Anyway, I digress. Sportsworld. A labyrinth of evil. Not content with peddling everything from Nike to Le Coq Sportif (bahahahaha! HAHAHAHAHAHAHAHA! Sorry.) at 'sale' prices (I purchased my tracksuit bottoms for £3.29 from £10.99, and my top for £5.79 from £18, although it is completely beyond me why someone would pay £18 for that) they have to do it over three floors, teeming with employees screeching into their walkie talkies. You have to push through rails of tracksuits and football socks whilst the PA system pumps out what I can only imagine is Bottom of the Pops 1978, and when you ask a question the staff have to shout over the bloody racket and make you wait for fifteen minutes while they try to convey a message to their collegue (who is only about ten metres away) through the goddamn walkie talkie. When you helpfully suggest they just walk over there and find out for themselves, they inform you it's company procedure and they all have to stay in their designated areas. The one and only redeeming feature of the place is that their uniforms are red.

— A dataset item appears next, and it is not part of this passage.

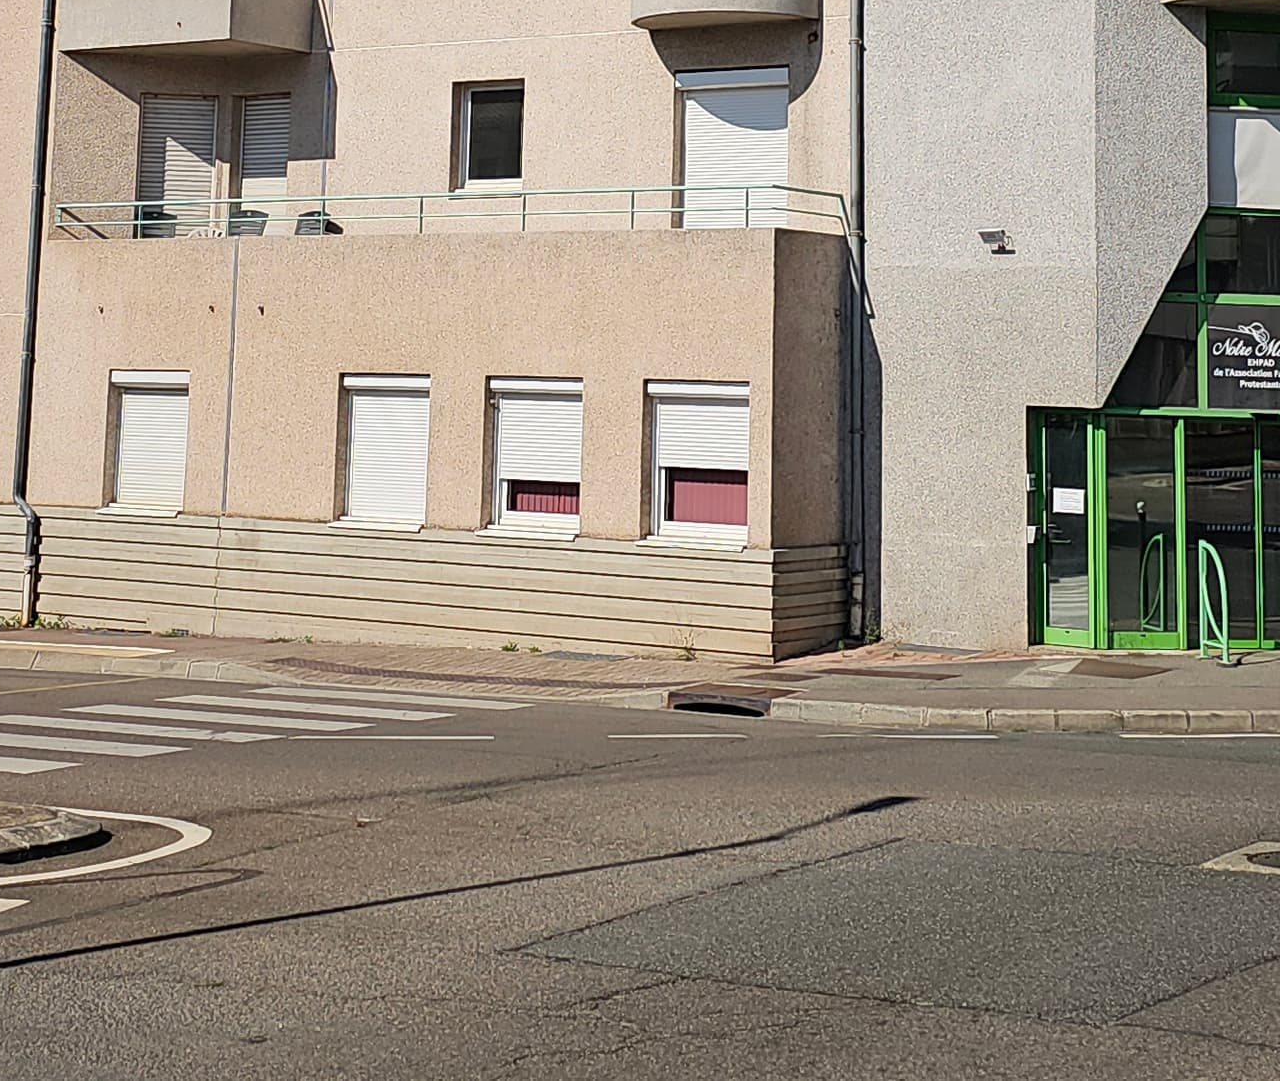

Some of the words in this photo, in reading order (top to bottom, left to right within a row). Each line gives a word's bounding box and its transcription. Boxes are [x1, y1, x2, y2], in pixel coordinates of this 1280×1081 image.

Having spent a good twenty minutes explaining to the nice lady (loudly, over Barry fscking Manilow) that although I trusted her that the trainers she was showing me were indeed as mind-blowingly scientifically advanced as she claimed and would turn me into Paula Radcliffe (I had to look that up - I was going to put Yates) I still didn't want to spend £180 on a pair of trainers that would never be seen or worn outside a gym, I finally managed to find a pair of black Sketchers which were actually quite nice, only to discover that they had run out of my size. In the end, I managed to acquire a suitable pair for £27.99, which wasn't too bad. Although Saiira tried to convince me that what I really needed to make my life complete were some Reebok Classics, I resisted and came away with some white and sparkly pink Sketchers which are still pretty vile as far as footwear goes, but don't make me feel as disgusted with myself as owning a pair of Reebok Classics. I think I'd have to join a support group or something. I'm also the proud owner of a pair of black tracksuit bottoms that are slightly too long for me, and a white sporty-looking sleeveless top.
I'm actually quite looking forward to tonight, but seeing as I'm incredibly unfit, I expect it will kill me. If I am still alive, I will report tomorrow...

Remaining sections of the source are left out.